:: Problem ::
What you return must match the records exactly, with every line included.

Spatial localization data
┄┄┄┄┄┄

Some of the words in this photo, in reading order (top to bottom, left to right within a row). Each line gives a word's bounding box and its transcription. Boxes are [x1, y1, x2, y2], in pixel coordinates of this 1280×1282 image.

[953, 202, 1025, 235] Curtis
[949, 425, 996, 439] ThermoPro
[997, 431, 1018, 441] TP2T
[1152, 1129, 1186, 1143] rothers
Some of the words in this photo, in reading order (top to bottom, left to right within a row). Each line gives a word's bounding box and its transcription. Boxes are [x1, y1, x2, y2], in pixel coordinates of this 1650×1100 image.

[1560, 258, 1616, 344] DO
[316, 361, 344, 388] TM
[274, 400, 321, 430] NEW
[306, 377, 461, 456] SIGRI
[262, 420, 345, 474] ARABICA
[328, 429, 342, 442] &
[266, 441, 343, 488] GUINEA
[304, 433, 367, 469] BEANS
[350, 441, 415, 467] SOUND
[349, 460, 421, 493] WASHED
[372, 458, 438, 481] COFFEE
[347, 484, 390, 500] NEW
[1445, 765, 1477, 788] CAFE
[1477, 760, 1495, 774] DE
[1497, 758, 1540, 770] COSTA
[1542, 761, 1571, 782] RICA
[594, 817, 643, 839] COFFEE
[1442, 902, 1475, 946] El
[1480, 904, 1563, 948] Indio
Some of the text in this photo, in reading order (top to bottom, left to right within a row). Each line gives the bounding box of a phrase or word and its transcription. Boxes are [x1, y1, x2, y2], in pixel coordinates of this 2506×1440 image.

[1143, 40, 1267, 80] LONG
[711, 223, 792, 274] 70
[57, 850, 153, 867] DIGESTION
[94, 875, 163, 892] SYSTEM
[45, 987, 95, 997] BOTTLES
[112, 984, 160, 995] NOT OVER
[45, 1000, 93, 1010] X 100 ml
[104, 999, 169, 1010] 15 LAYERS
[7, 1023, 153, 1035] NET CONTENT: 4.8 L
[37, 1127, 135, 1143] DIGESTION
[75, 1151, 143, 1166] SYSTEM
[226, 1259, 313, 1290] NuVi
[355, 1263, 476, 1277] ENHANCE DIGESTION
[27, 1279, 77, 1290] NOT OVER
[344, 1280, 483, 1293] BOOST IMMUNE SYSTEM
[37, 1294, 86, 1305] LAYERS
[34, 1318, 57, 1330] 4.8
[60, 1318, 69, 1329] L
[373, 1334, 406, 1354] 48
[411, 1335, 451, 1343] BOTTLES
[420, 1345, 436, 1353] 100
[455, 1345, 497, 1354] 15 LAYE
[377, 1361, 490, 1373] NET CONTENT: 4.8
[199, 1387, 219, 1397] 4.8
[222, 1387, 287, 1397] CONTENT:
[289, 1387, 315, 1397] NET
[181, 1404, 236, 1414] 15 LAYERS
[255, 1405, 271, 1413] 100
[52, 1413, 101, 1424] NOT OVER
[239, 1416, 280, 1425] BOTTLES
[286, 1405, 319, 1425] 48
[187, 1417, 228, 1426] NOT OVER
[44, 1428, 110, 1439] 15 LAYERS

┄┄┄┄┄┄

:: Answer box ::
Some of the words in this photo, in reading order (top to bottom, left to right within a row). Each line gives a word's bounding box and its transcription. Boxes are [x1, y1, x2, y2], in pixel coordinates of this 1280×1282 image.

[953, 202, 1025, 235] Curtis
[949, 425, 996, 439] ThermoPro
[997, 431, 1018, 441] TP2T
[1152, 1129, 1186, 1143] rothers
Some of the words in this photo, in reading order (top to bottom, left to right within a row). Each line gives a word's bounding box and its transcription. Boxes are [x1, y1, x2, y2], in pixel coordinates of this 1650×1100 image.

[1560, 258, 1616, 344] DO
[316, 361, 344, 388] TM
[274, 400, 321, 430] NEW
[306, 377, 461, 456] SIGRI
[262, 420, 345, 474] ARABICA
[328, 429, 342, 442] &
[266, 441, 343, 488] GUINEA
[304, 433, 367, 469] BEANS
[350, 441, 415, 467] SOUND
[349, 460, 421, 493] WASHED
[372, 458, 438, 481] COFFEE
[347, 484, 390, 500] NEW
[1445, 765, 1477, 788] CAFE
[1477, 760, 1495, 774] DE
[1497, 758, 1540, 770] COSTA
[1542, 761, 1571, 782] RICA
[594, 817, 643, 839] COFFEE
[1442, 902, 1475, 946] El
[1480, 904, 1563, 948] Indio
Some of the text in this photo, in reading order (top to bottom, left to right within a row). Each line gives the bounding box of a phrase or word and its transcription. Boxes are [x1, y1, x2, y2], in pixel coordinates of this 2506×1440 image.

[1143, 40, 1267, 80] LONG
[711, 223, 792, 274] 70
[57, 850, 153, 867] DIGESTION
[94, 875, 163, 892] SYSTEM
[45, 987, 95, 997] BOTTLES
[112, 984, 160, 995] NOT OVER
[45, 1000, 93, 1010] X 100 ml
[104, 999, 169, 1010] 15 LAYERS
[7, 1023, 153, 1035] NET CONTENT: 4.8 L
[37, 1127, 135, 1143] DIGESTION
[75, 1151, 143, 1166] SYSTEM
[226, 1259, 313, 1290] NuVi
[355, 1263, 476, 1277] ENHANCE DIGESTION
[27, 1279, 77, 1290] NOT OVER
[344, 1280, 483, 1293] BOOST IMMUNE SYSTEM
[37, 1294, 86, 1305] LAYERS
[34, 1318, 57, 1330] 4.8
[60, 1318, 69, 1329] L
[373, 1334, 406, 1354] 48
[411, 1335, 451, 1343] BOTTLES
[420, 1345, 436, 1353] 100
[455, 1345, 497, 1354] 15 LAYE
[377, 1361, 490, 1373] NET CONTENT: 4.8
[199, 1387, 219, 1397] 4.8
[222, 1387, 287, 1397] CONTENT:
[289, 1387, 315, 1397] NET
[181, 1404, 236, 1414] 15 LAYERS
[255, 1405, 271, 1413] 100
[52, 1413, 101, 1424] NOT OVER
[239, 1416, 280, 1425] BOTTLES
[286, 1405, 319, 1425] 48
[187, 1417, 228, 1426] NOT OVER
[44, 1428, 110, 1439] 15 LAYERS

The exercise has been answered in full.